The Content (R)evolution: Rick Kupchella on the Power of Brand-Driven News
If you’ve ever read a Buzzfeed article, you know that brands are capitalizing on the opportunity to publish their own brand stories in the context of news distribution. Or, if content aggregation sites aren’t your chosen diversion, maybe you clicked on the enticing headline of a New York Times article while scrolling through your newsfeed — only to realize halfway through that it was actually sponsored by a brand, like GE or Netflix. But, you likely kept reading because you were interested in the subject matter (which is why you clicked on it in the first place).
This format is the result of an intersection of news and content marketing, a completely unprecedented space in the media landscape in which online users are perusing articles, sending snaps and sharing memes that often are riddled with brand messaging. “Content” has become a buzzword that, for many marketers, sounds like the magic wand to all their consumer engagement woes.
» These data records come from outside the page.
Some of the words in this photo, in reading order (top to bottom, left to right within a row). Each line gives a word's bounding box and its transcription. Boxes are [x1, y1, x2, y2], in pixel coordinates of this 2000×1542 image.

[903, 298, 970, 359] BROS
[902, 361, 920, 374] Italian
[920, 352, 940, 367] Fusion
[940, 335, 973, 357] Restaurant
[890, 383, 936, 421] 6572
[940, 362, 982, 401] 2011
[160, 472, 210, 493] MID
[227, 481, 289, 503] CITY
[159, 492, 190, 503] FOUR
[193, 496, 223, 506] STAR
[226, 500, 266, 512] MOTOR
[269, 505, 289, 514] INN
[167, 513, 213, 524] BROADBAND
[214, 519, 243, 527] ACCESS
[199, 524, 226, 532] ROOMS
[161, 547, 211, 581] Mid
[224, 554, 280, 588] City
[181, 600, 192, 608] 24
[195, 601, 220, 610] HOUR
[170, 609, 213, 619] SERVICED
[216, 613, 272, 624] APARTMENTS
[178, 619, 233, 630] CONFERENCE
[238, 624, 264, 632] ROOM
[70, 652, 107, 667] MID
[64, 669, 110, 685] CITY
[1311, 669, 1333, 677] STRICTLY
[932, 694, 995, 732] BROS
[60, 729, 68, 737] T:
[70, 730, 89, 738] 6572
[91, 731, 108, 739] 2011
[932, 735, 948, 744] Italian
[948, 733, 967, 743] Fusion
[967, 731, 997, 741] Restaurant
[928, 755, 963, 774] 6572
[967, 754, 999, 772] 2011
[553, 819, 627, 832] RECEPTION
However, once hopeful brands have learned that the key to success is not as simple as churning out pieces of content and blindly tossing them to audiences, like candy at a Fourth of July parade. So how can brands take advantage of the “news content revolution” in a strategic way?
To answer this question, I turned to Rick Kupchella, who first came to the Twin Cities as a reporter and then anchor at KARE-TV. Over the last eight years, he has shifted his focus away from news reporting, opting instead to develop a series of businesses that offer innovative executions of news and brand storytelling. Here, he shares lessons from diving headfirst into the ever-evolving field of content production and distribution.
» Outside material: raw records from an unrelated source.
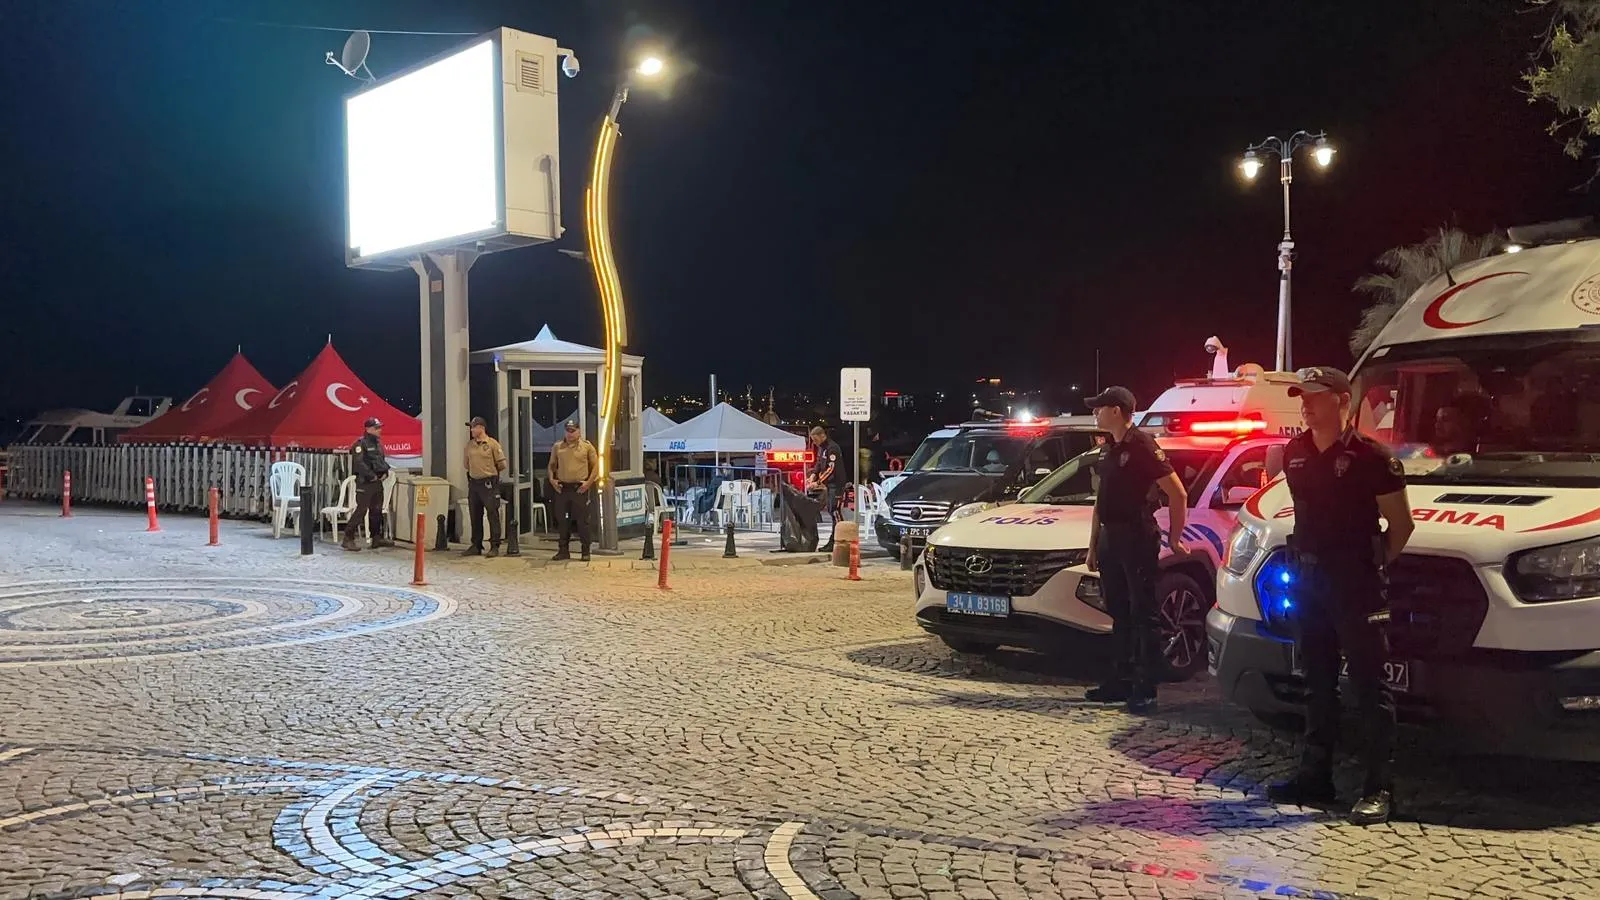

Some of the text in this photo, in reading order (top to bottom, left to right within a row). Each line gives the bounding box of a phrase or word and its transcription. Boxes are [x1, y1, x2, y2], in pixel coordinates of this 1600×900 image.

[669, 441, 685, 450] AFAD
[753, 441, 772, 450] AFAD
[953, 595, 1007, 612] 34 A 83169
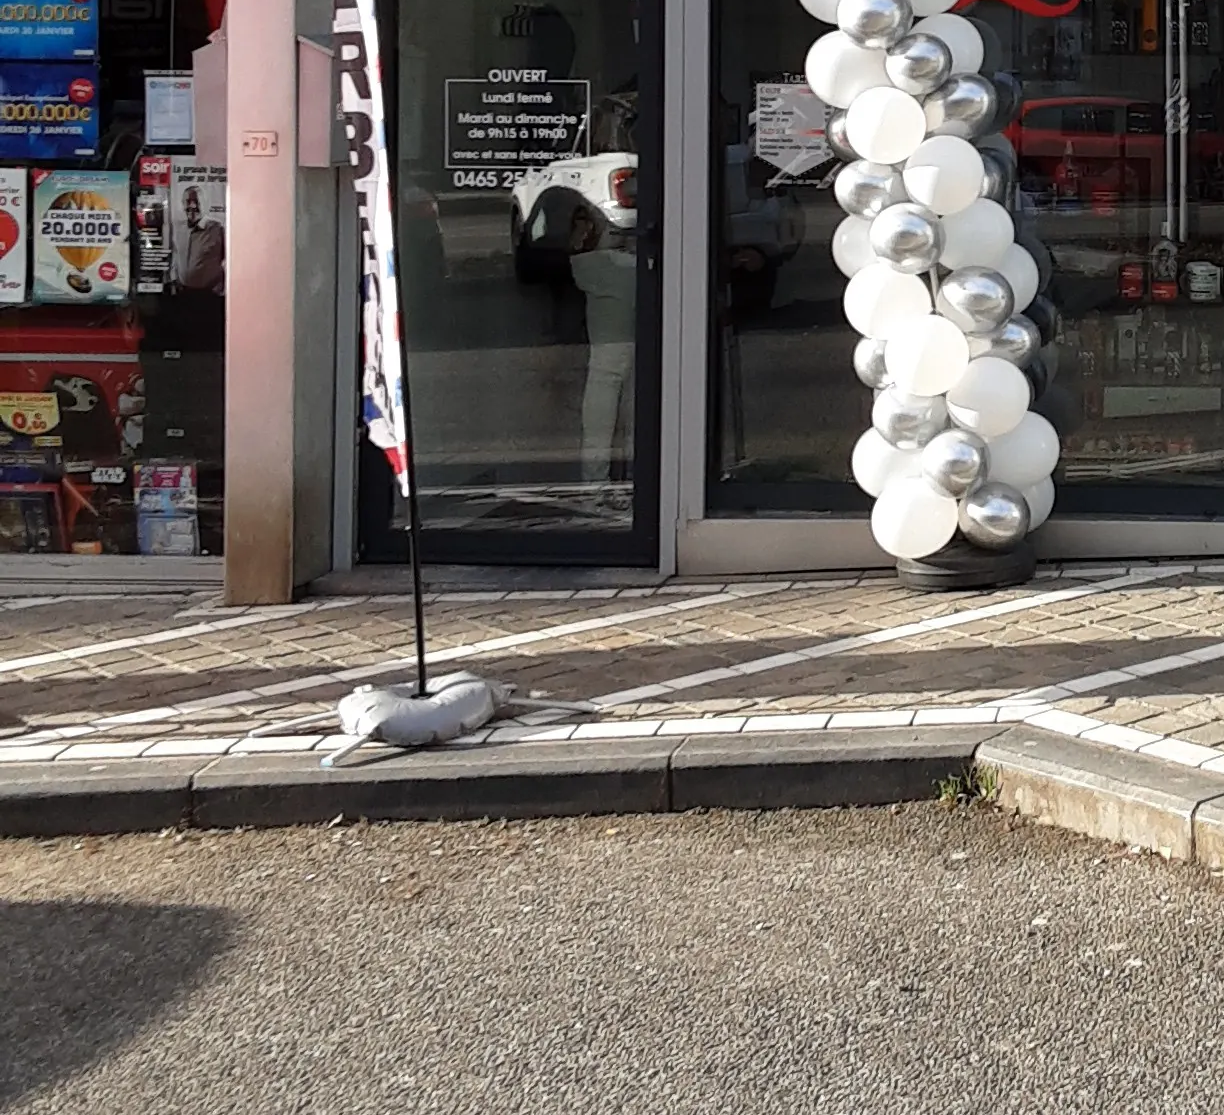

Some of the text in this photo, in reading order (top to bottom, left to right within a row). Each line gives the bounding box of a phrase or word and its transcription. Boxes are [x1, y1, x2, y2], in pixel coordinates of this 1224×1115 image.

[488, 69, 547, 83] OUVERT
[482, 91, 553, 103] Lundi fermé
[457, 113, 577, 124] Mardi au dimanche
[468, 128, 567, 139] de 9h15 à 19h00
[252, 137, 268, 151] 70
[453, 151, 479, 159] avec
[481, 150, 492, 159] et
[494, 151, 517, 159] sans
[142, 159, 171, 174] soir
[453, 171, 498, 187] 0465
[42, 222, 121, 235] 20.000€
1. What inspired your transition from news broadcasting to content creation and distribution?
"I worked at KARE 11 for over 20 years as a reporter and anchor. During my last few years there, I noticed that the model for news delivery was changing dramatically. Specifically, it was shifting away from the paternalistic model of media conglomerates — whose message was 'let me help you understand what’s happening in the world' — to a much more consumer-directed model. This shift was all about disintermediation: the removal of a brokering entity between producers and consumers. The speed of technological advancement continues to drive rapid change across many vertical markets.
Just as our society transitioned from radio to TV over a half-century ago, we now find ourselves in the age of digital disruption. News outlets are moving from an old model that centers on production for audience experience to one that focuses on distribution, in which users can choose their preferred modes of consumption. In other words, consumers have more of a say in selecting which news they consume and the manner in which they consume it than ever before.
The reality of accelerated consumer control and decision-making is what inspired me to jump into independent business — first exploring new models for news distribution, and now squarely focused on helping major brands understand how to use the new media landscape both to their own advantage, and to the advantage of millions of consumers."
2. HOW DO BRAND CONTENT CREATORS IDENTIFY RELEVANT TOPICS AND ENSURE THAT THEIR CONTENT WILL REACH THE RIGHT AUDIENCES?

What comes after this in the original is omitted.